In order for new technology to fulfill its potential in healthcare, clinicians must take an active role in its development and validation. Broadening access to AI tools and improving AI literacy is essential.

Automated machine learning

Automated machine learning (autoML) allows non-specialists to develop and deploy AI tools for a wide variety of tasks, including medical image analysis. In a systematic review, we explored all existing clinical applications of autoML, and identified strengths and weaknesses of different teams' approaches and reporting. Some 26 autoML platforms with a variety of technical requirements have been used for clinical work, but studies tend to be retrospective, limiting their implications for actual clinical practice. However, autoML often compares favourably to conventional machine learning and non-machine learning techniques, lowering the bar to entry for development of useful clinical applications. For more details, see our report in Annals.
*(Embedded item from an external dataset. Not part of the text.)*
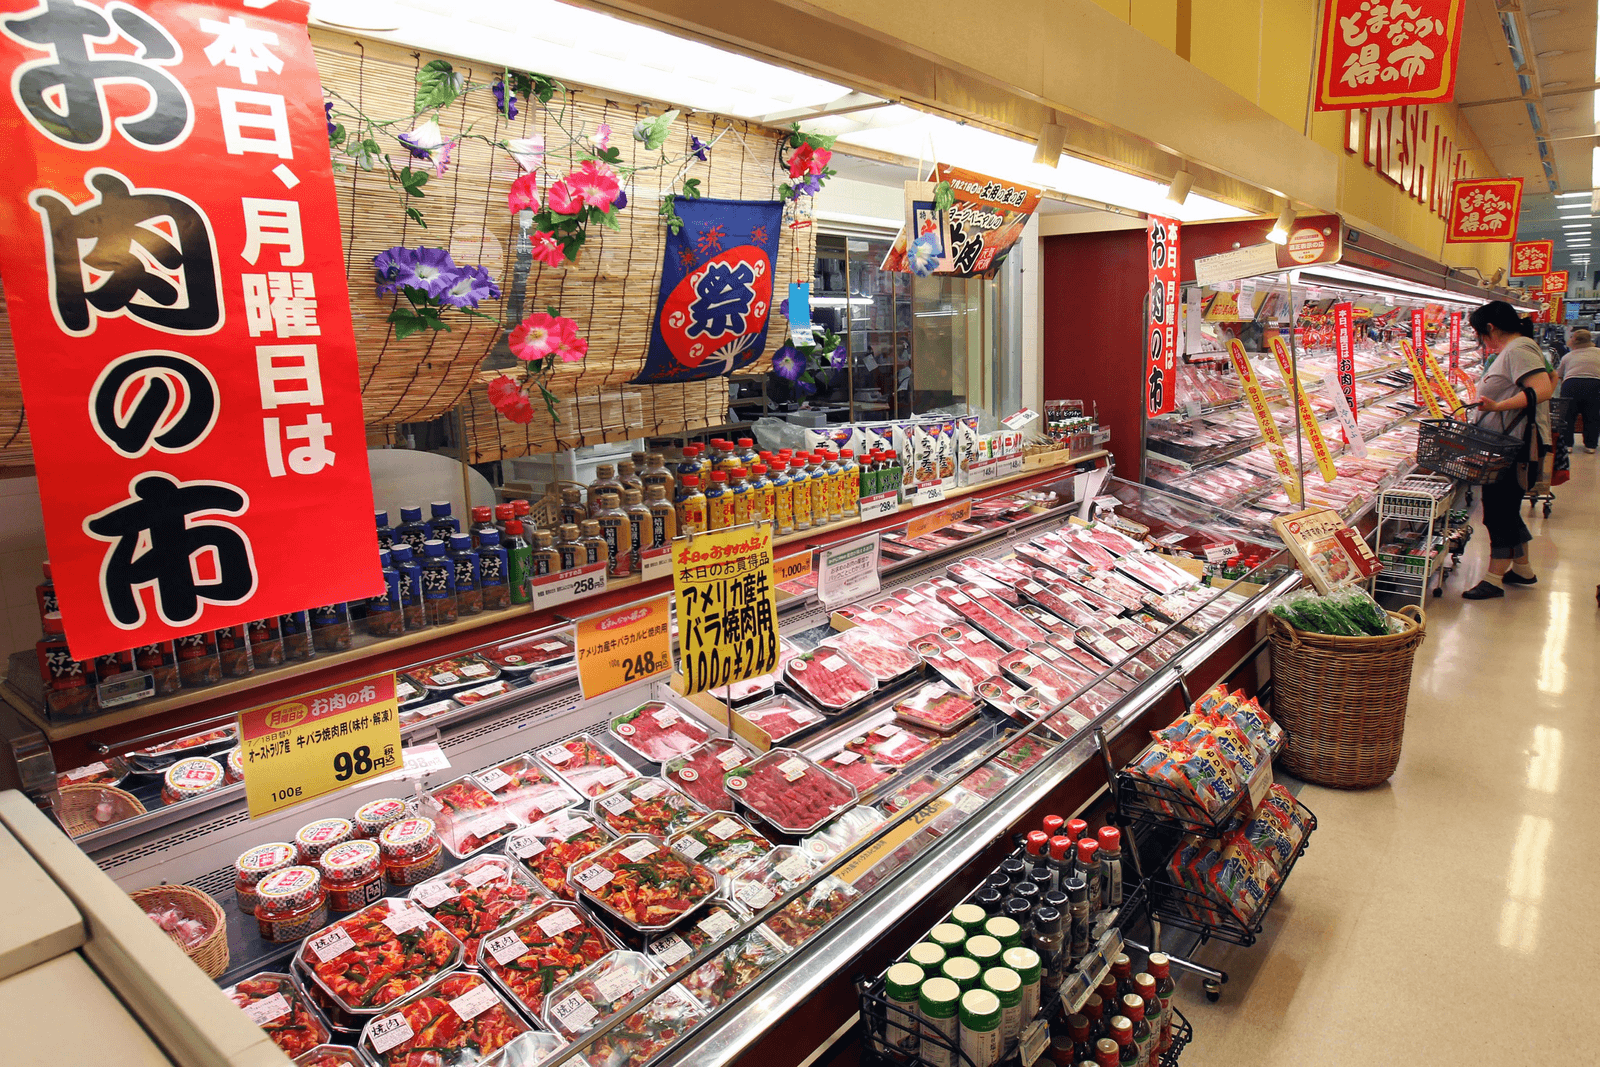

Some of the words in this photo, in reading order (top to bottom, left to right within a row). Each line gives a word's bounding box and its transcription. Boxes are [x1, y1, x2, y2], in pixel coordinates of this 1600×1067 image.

To help clinicians interesting in using autoML in their work, we produced a tutorial which can act as a practical guide to development and validation; published in JMIR.

Educating future clinicians

To explore what clinicians should learn about artificial intelligence, we looked at how we envisage doctors and allied healthcare professionals interacting with AI in the future. Most clinicians are likely to be 'consumers' using AI tools without participating actively in development or validation. Clinicians with greater interest may become 'developers' helping to build new tools, or 'translators' helping validate and implement tools that can benefit patients and practitioners.

AI is predicted to significantly impact healthcare, so we looked to evidence-based medicine (EBM) as a previous paradigm shift that has required teaching at medical school to adapt. The progress and pitfalls of EBM teaching help inform a roadmap for implementation of AI teaching for medical students; further development of EBM teaching is also essential to ensure that new applications are tested rigorously to ensure that patients remain safe and receive optimal care. Our vision, published in Cell Reports Medicine, can inform curriculum designers to help best prepare clinicians for the future.